I’ll get to the good stuff tomorrow, for the moment some of the things that sucketh last yeareth. Interestingly, and thank God, most of these things seem to be single events as opposed to long-term drawn out things. For this I am extremely grateful and blessed and even more embarrassed about the pity party.
Moving offices
I don’t mention work at all, or rarely, and certainly not openly disparagingly. However the move in locations from run down but functional building to previously condemned building that had been “spruced up” where the water was undrinkable for 5 months and the toilets didn’t work for 7 was a cause of considerable distress for all concerned. Even trying to be buddhist about it wasn’t working. The workplace hasn’t recovered really. I am actually glad to be on nights cos morale here is in the (non functional) toilet.
Sam’s Death
My brother-in-law in law died this year after an extremely long battle with cancer. He left behind his wife and two children. I would not dare to say his death had the effect it did on his immediate relatives however our families are so entwined now his death was incredibly hard. And so young. Fortunately, his was the only significant loss that directly affected me last year, for which I am extraordinarily grateful. Unfortunately this year looks like it’s going to be harsh already as I was told two of my friends had been diagnosed with lymphatic cancer on New Years Day.
The Bionic Bum
I made light of it but my gluteus tendonitis was absolutely agonizingly crippling at one point. I literally couldn’t walk a step without crying, the pain was so intense. And I wasn’t being stoic either. Lord if there had been drugs available I would have downed them in an instant. The worst night of it, when I couldn’t walk without screaming, I spent on my bed, sobbing with pain all through the night and feeling so sorry for myself. Much of it was pain related however there was also the realisation that if I had died no one would have known and certainly no partner I could rely on to help me out. So I just lay there in bed, a sobbing mass of pity, feeling more alone than I’ve ever felt in my life. Fortunately the next day I could walk without screaming and I could get to the phone and get some help (and wonderful help came) but wow, that night…. that night was harsh.

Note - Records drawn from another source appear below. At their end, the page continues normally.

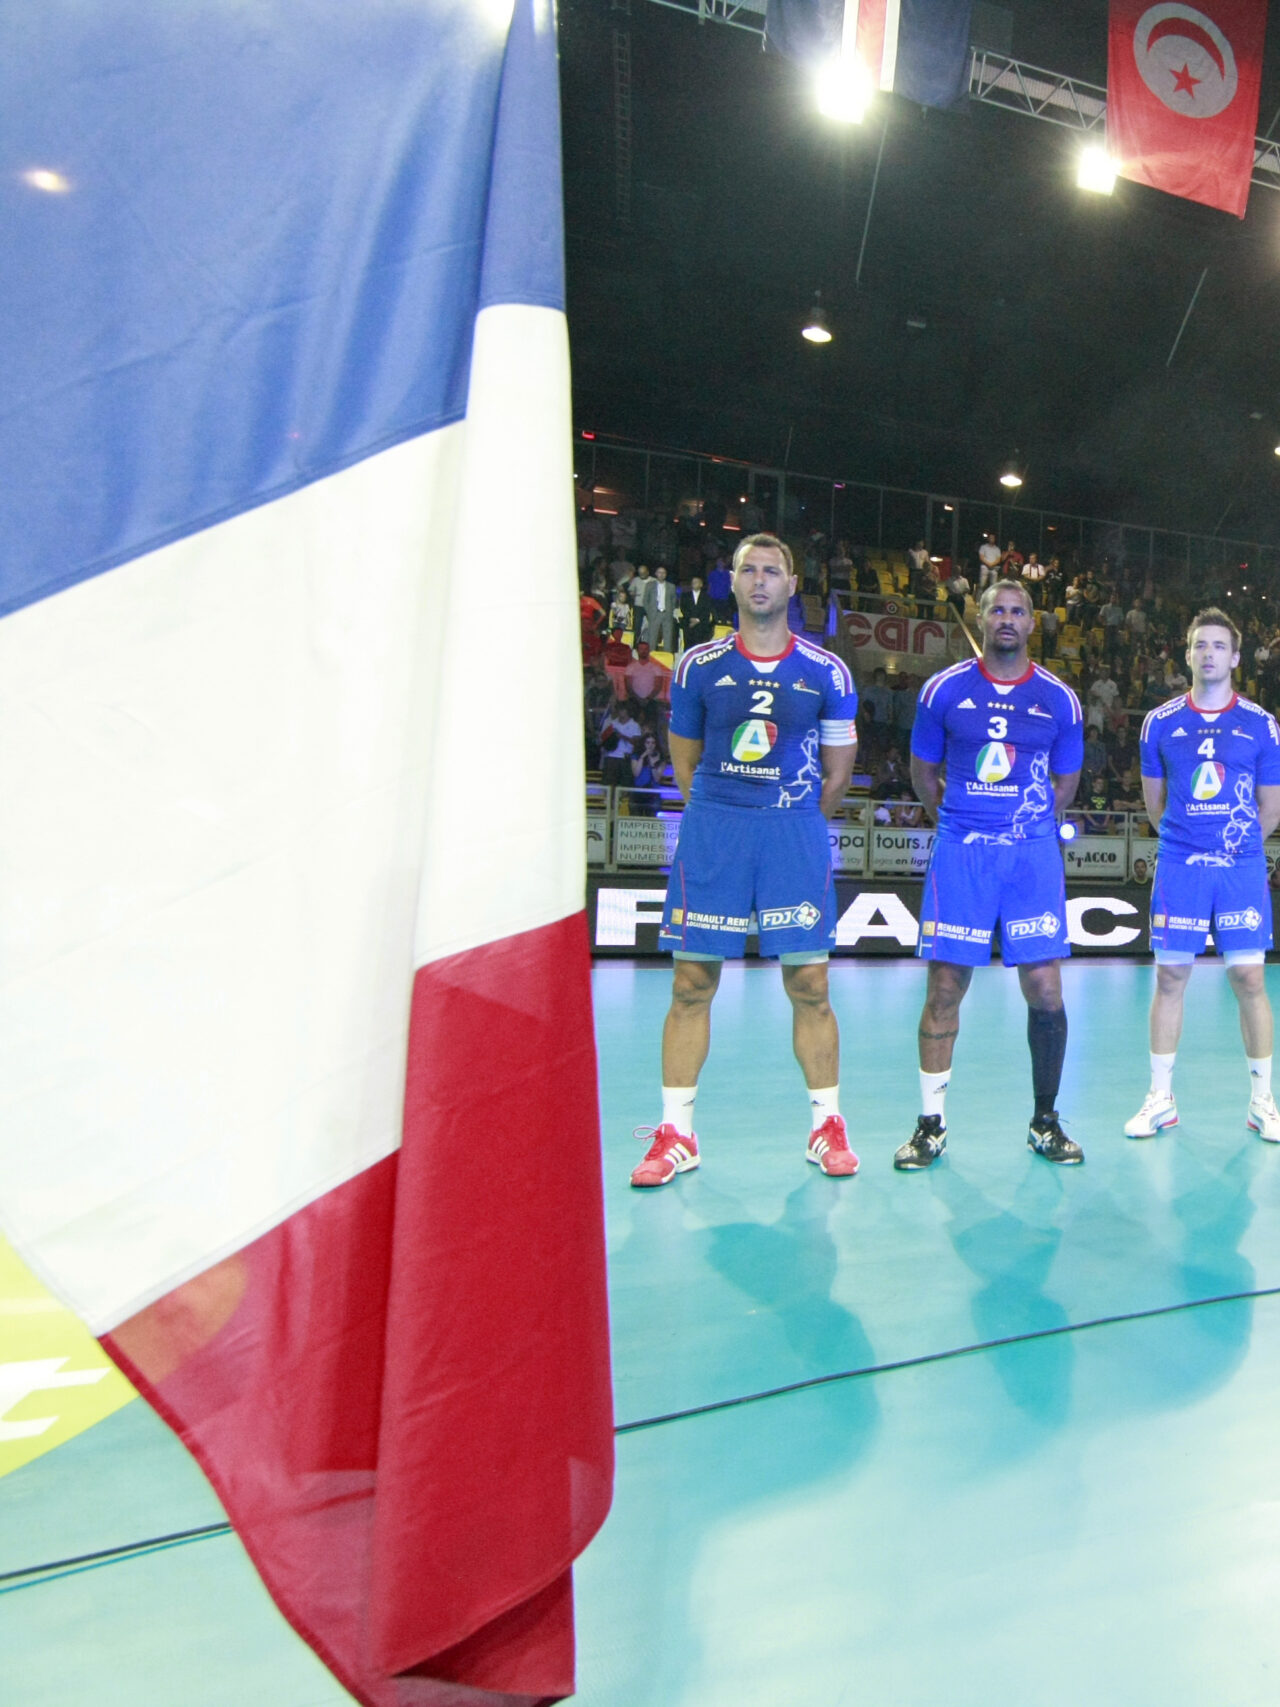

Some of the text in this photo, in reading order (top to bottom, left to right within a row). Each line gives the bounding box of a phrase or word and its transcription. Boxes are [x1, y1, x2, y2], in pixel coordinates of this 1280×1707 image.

[749, 690, 775, 715] 2
[987, 716, 1008, 739] 3
[1197, 738, 1216, 759] 4
[620, 821, 680, 831] IMPRESSI
[828, 834, 864, 850] opa
[1067, 851, 1117, 868] STACCO
[687, 912, 749, 926] RENAULT RENT
[762, 912, 793, 927] FDJ
[1168, 915, 1197, 926] RENAULT
[1218, 915, 1241, 926] FDJ
[937, 922, 992, 939] RENAULT RENT
[1011, 922, 1037, 936] FDJ

Making a total cock of myself
Oh I am good at that! I actually am including this only cos the last entry was so rugged. I am well used to making a total idiot of myself, despite my best intentions. Whether that is urinating loudly in front of the Queen Of North Carolina (incidentally, that post went ballistic. People I had never heard of wrote to me to tell me how funny that post was); wearing the wrong eyewear in the cinema; taking my entire extended family to one of the worst outings of their lives (so bad all other outings are measured by it : “Yeah, it was bad but it wasn’t Cadbury World bad.”), setting off alarms in the middle of the night or killing my mother in a walk across London, basically I will make a twit of myself if I can. Welcome to my life.
Absent Friends
Most days that’s the hardest one of all.